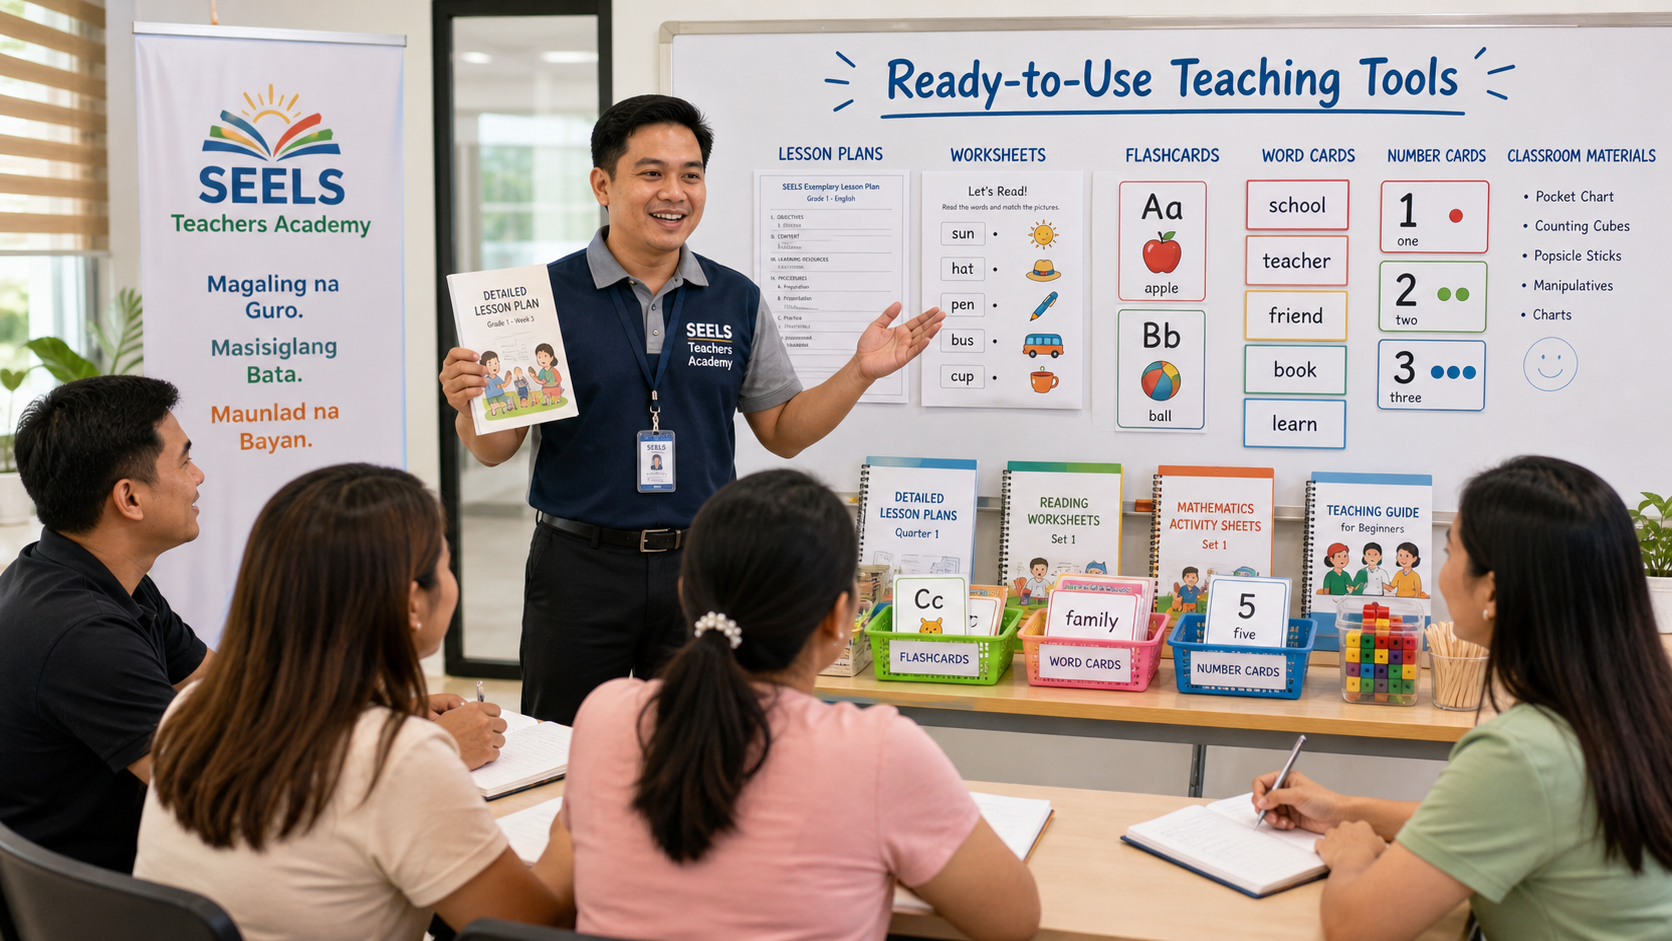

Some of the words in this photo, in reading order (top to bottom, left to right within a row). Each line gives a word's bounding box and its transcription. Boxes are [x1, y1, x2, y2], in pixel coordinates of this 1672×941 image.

[888, 59, 1153, 111] Ready-to-Use
[1171, 57, 1339, 108] Teaching
[1359, 56, 1457, 96] Tools
[779, 147, 831, 160] LESSON
[839, 147, 883, 160] PLANS
[951, 148, 1046, 162] WORKSHEETS
[1126, 148, 1219, 162] FLASHCARDS
[1262, 149, 1304, 162] WORD
[1310, 148, 1355, 162] CARDS
[1388, 149, 1440, 162] NUMBER
[1446, 149, 1486, 162] CARDS
[1508, 149, 1580, 162] CLASSROOM
[1587, 149, 1656, 162] MATERIALS
[199, 166, 345, 205] SEELS
[804, 183, 839, 191] Exemplary
[969, 186, 993, 196] Let's
[998, 186, 1027, 196] Read!
[835, 195, 855, 203] English
[1537, 191, 1575, 202] Pocket
[1582, 191, 1614, 202] Chart
[1034, 204, 1060, 212] pictures.
[1142, 193, 1182, 219] Aa
[1270, 196, 1325, 213] school
[1400, 193, 1416, 227] 1
[171, 214, 267, 232] Teachers
[274, 215, 371, 238] Academy
[1536, 220, 1588, 235] Counting
[1594, 220, 1630, 231] Cubes
[952, 230, 974, 239] sun
[1398, 238, 1418, 246] one
[1263, 252, 1331, 268] teacher
[1535, 250, 1581, 264] Popsicle
[1587, 250, 1621, 261] Sticks
[952, 262, 973, 274] hat
[208, 275, 306, 297] Magaling
[315, 279, 338, 292] na
[1145, 282, 1178, 296] apple
[1396, 273, 1416, 306] 2
[1534, 279, 1613, 294] Manipulatives
[483, 287, 526, 300] DETAILED
[246, 302, 303, 319] Guro.
[475, 302, 511, 316] LESSON
[514, 299, 539, 310] PLAN
[952, 301, 974, 312] pen
[1269, 307, 1322, 323] friend
[1396, 315, 1417, 325] two
[1533, 309, 1571, 320] Charts
[487, 320, 504, 328] Grade
[687, 323, 732, 340] SEELS
[1144, 322, 1180, 348] Bb
[952, 335, 973, 346] bus
[212, 337, 336, 360] Masisiglang
[688, 342, 732, 354] Teachers
[688, 356, 732, 370] Academy
[1275, 361, 1316, 377] book
[1394, 351, 1415, 384] 3
[248, 366, 302, 383] Bata.
[951, 373, 974, 384] cup
[1390, 392, 1421, 403] three
[212, 402, 305, 423] Maunlad
[314, 406, 338, 419] na
[1150, 410, 1171, 421] ball
[1273, 415, 1316, 431] learn
[241, 433, 312, 454] Bayan.
[895, 492, 944, 503] DETAILED
[1041, 497, 1088, 508] READING
[880, 508, 919, 519] LESSON
[924, 510, 957, 521] PLANS
[1178, 502, 1254, 514] MATHEMATICS
[1327, 505, 1381, 516] TEACHING
[1386, 507, 1419, 518] GUIDE
[1028, 514, 1100, 526] WORKSHEETS
[1170, 519, 1217, 530] ACTIVITY
[1221, 520, 1261, 531] SHEETS
[895, 528, 931, 538] Quarter
[936, 530, 938, 538] 1
[1341, 523, 1355, 531] for
[1359, 523, 1404, 535] Beginners
[1052, 534, 1067, 544] Set
[1072, 535, 1076, 544] 1
[1203, 539, 1218, 549] Set
[1222, 541, 1226, 549] 1
[915, 589, 943, 609] Cc
[1239, 593, 1255, 619] 5
[1066, 610, 1118, 632] family
[1234, 627, 1255, 639] five
[900, 652, 969, 664] FLASHCARDS
[1050, 656, 1082, 667] WORD
[1086, 659, 1121, 670] CARDS
[1197, 664, 1241, 675] NUMBER
[1245, 666, 1279, 677] CARDS
——
Above are the records. Identify each line that contains the word "DETAILED".

[483, 287, 526, 300] DETAILED
[895, 492, 944, 503] DETAILED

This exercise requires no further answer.